If you have children, being in a healthy relationship is good for them, too.
Women who have trusting, honest, and respectful relationships are healthier. If you have children, being in a healthy relationship is good for them, too. Your children will learn what it means to be in a relationship by watching you.
Relationships won’t always be free of anger or hurt, but you should not feel scared, humiliated, or controlled.
What should I know about abusive relationships?
Abuse can harm you and your baby. It can put you at risk for serious complications, including miscarriage and pre-term labor.
Once your baby is born, the abuse may get worse. The person who is abusing you may abuse your child too. Abuse can take many forms. Examples are:
Physical – any intentional and unwanted contact with you. Examples are:
- hitting, punching, biting, strangling or kicking
- pulling your hair or clothing
- pushing or pulling you
Sexual – any action that pressures or forces someone to do something sexually they don't' want to do. Examples are:
- unwanted kissing or touching
- rape or attempted rape
- keeping someone from protecting themselves from a sexually transmitted infection
- threatening or pressuring someone into unwanted sexual activity
Emotional/Verbal- includes non-physical behaviors such as threats, insults, constant monitoring or "checking in", excessive texting, humiliation, intimidation, isolation or stalking. Examples are:
- calling you names
- putting you down
- won't let you have friends
- accuses you of things
- uses your children to manipulate you
- ignores you
Financial – telling you what you can and cannot buy or requiring you to share control of your bank accounts. Examples are:
- keeping you from seeing shared bank accounts or records
- maxing out your credit cards without your permission
- refusing to give money, food, rent money, medicine or clothing
Digital- using texting and social networking to bully, harass, or intimidate a partner. Often this is a form of verbal or emotional abuse that is done online. Examples are:
- sending you negative, insulting or threatening emails, text messages or other messages online
- steals your passwords or makes you give them your passwords
- looks through your phone often and checks pictures, texts and outgoing calls
How do you know if you're in an abusive relationship?

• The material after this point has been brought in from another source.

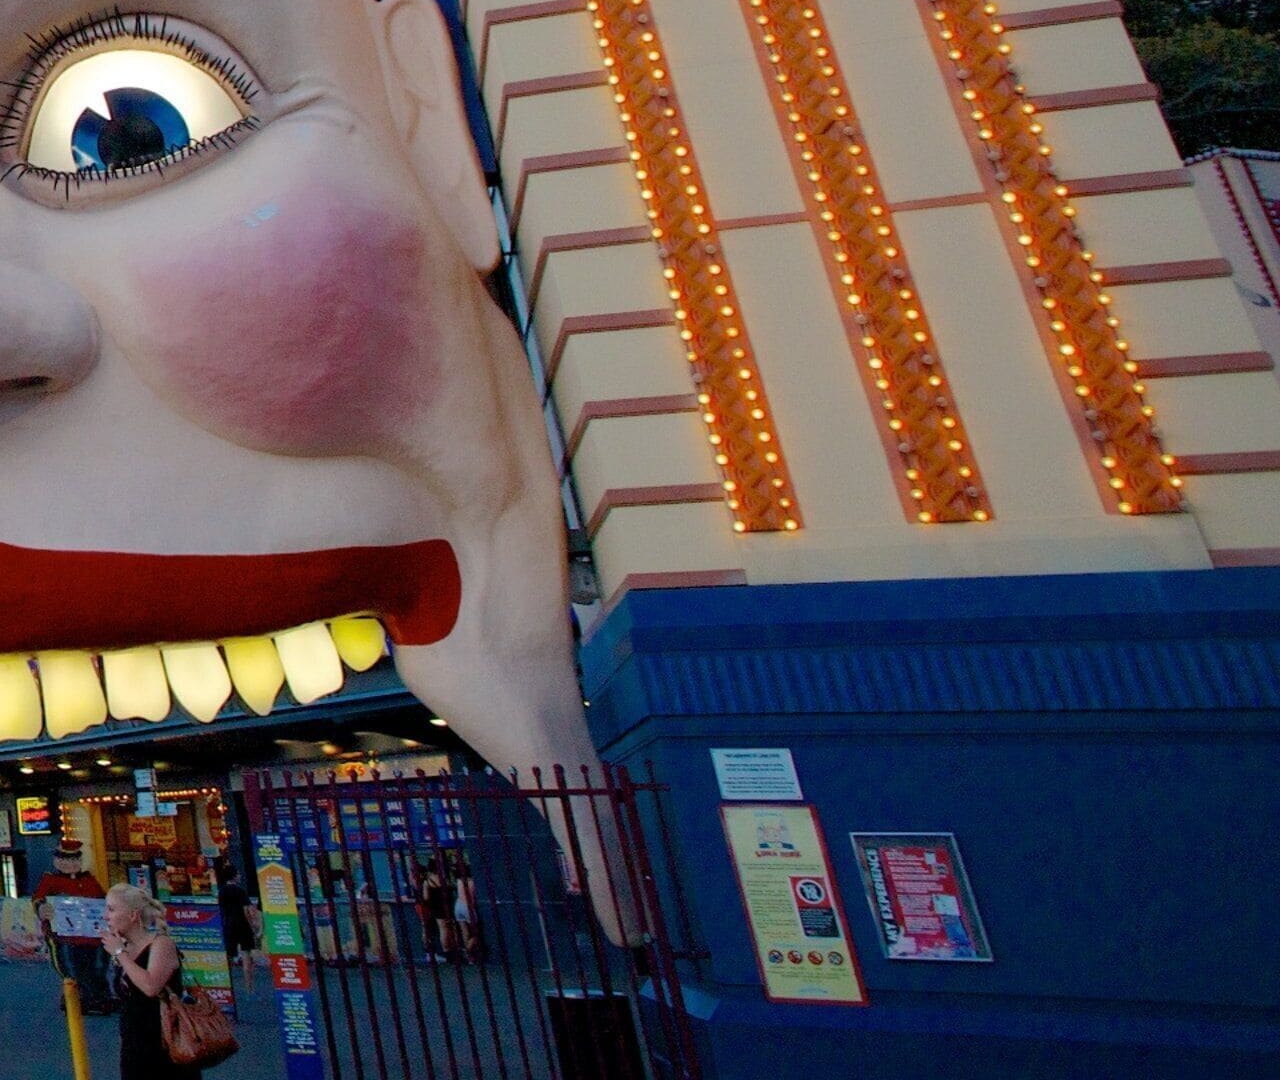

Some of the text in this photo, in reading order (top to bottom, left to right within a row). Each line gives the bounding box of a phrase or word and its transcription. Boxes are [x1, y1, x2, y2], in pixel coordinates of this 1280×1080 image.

[22, 810, 50, 821] SHOP
[23, 821, 49, 831] SHOP
[865, 848, 900, 945] MY EXPERIENCE

Most couples argue from time to time but violence and any abuse are different from the day to day conflicts that couples have. If you recognize any of the physical, sexual, emotional, financial or digital abuse descriptions you may be in an unhealthy relationship. Once you realize this, there are many things you can do.
Help is available
If you think you, or someone you love, is in an unhealthy relationship, or is having difficulty after experiencing sexual assault, there are places you can go for help.
The Washington State Coalition Against Domestic Violence has information on finding help in your county. Or, you can call the Washington State Domestic Violence Hotline at 1-800-562-6025 to ask questions or be connected to your local advocacy program.

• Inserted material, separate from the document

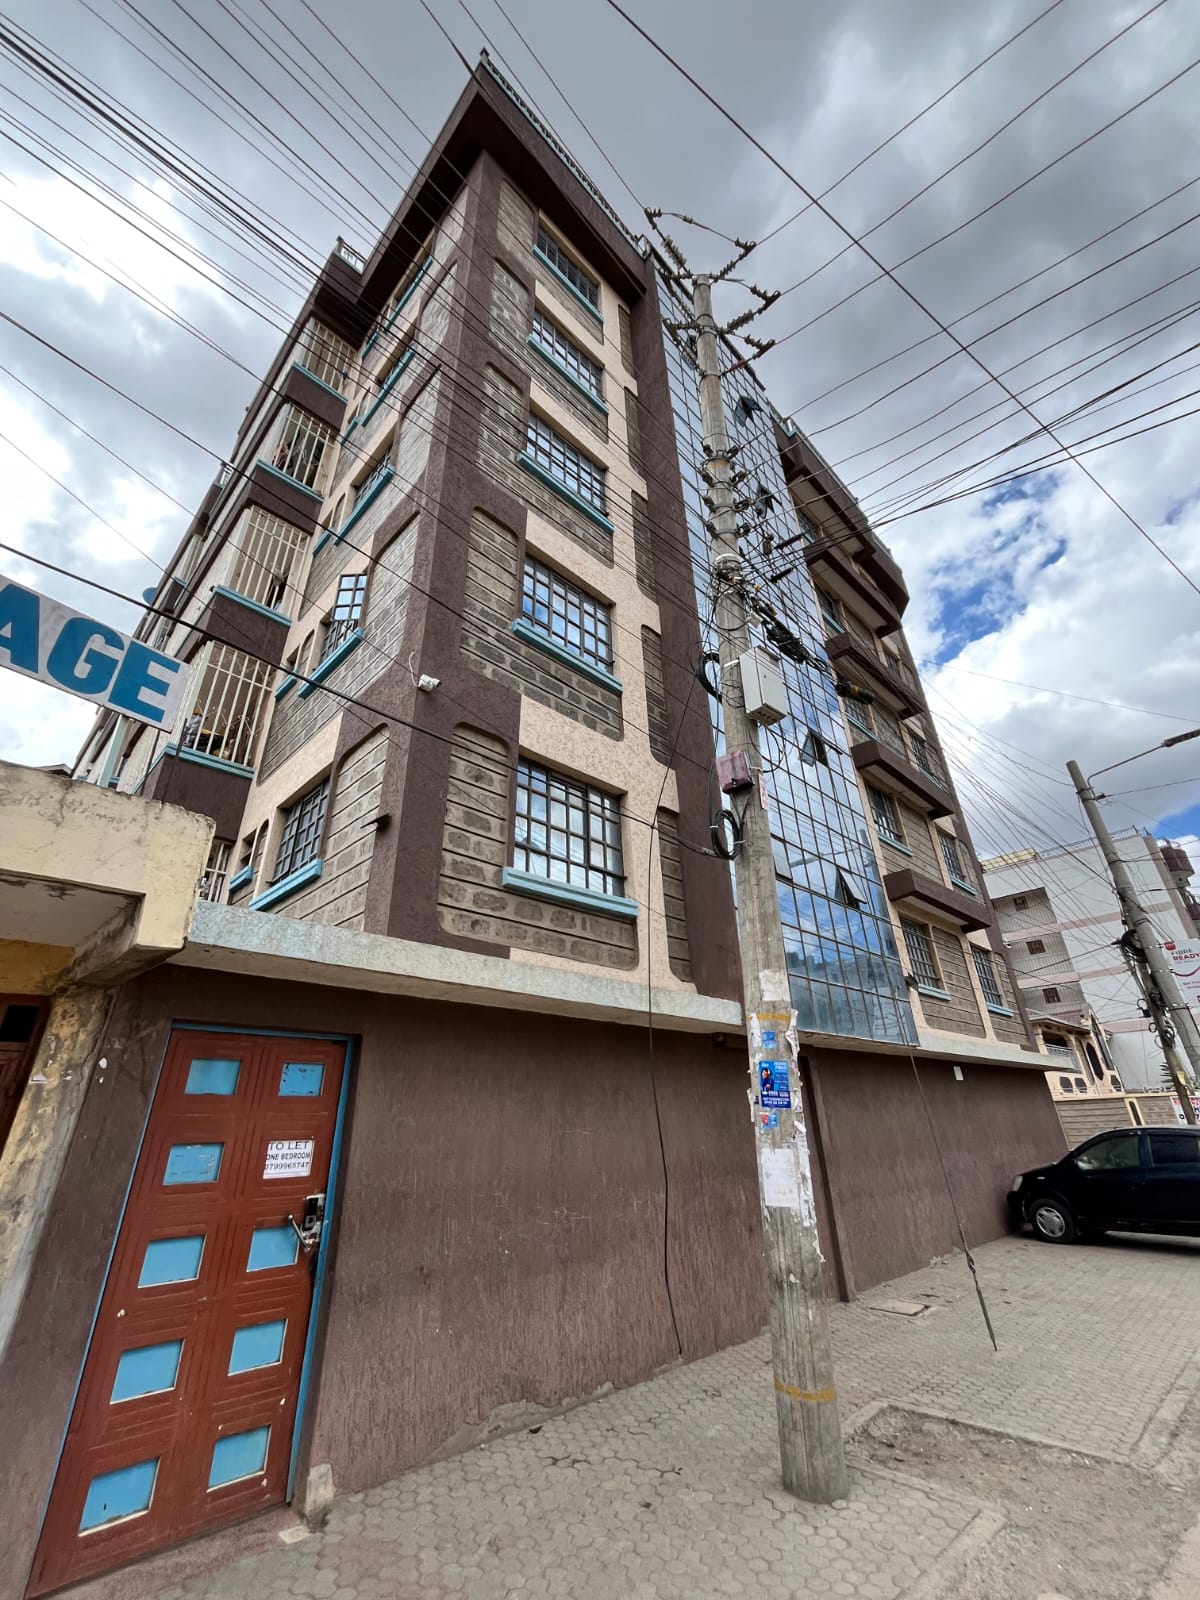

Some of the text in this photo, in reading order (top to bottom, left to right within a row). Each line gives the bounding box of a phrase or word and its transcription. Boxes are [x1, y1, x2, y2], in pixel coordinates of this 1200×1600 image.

[1172, 952, 1200, 961] READY
[270, 1141, 310, 1151] TO LET
[280, 1152, 311, 1160] BEDROOM

The Washington Coalition of Sexual Assault Programs (WCSAP) has information on finding help in your county. Or, you can call the National Sexual Assault Hotline at 1-800-HOPE (4673) to ask questions or be connected with your local advocacy program.
What should you expect when you call a sexual assault or domestic violence hotline?
Advocates who answer sexual assault and domestic violence hotlines are knowledgeable about the broad range of experiences when dealing with these issues. The person who answers the phone will:
- believe you
- listen to you without judgment
- help you work through the questions you have
- let you know what other services they provide or are available in your community
Your conversation, and any follow-up work you may do with an advocate, is always confidential and free of charge. No one from these programs will release any of your information without written permission.
Need help in another language?
The toll-free Peace in the Home Helpline offers one-call access that connects limited-English speaking domestic violence victims to a community-based agency in the Seattle-King County area that can serve their language and service needs. Callers can get help in 14 languages. Call the Peace in the Home Helpline at 1-888-847-7205. Many local programs have bilingual advocates and most hotlines have access to interpreter services via phone.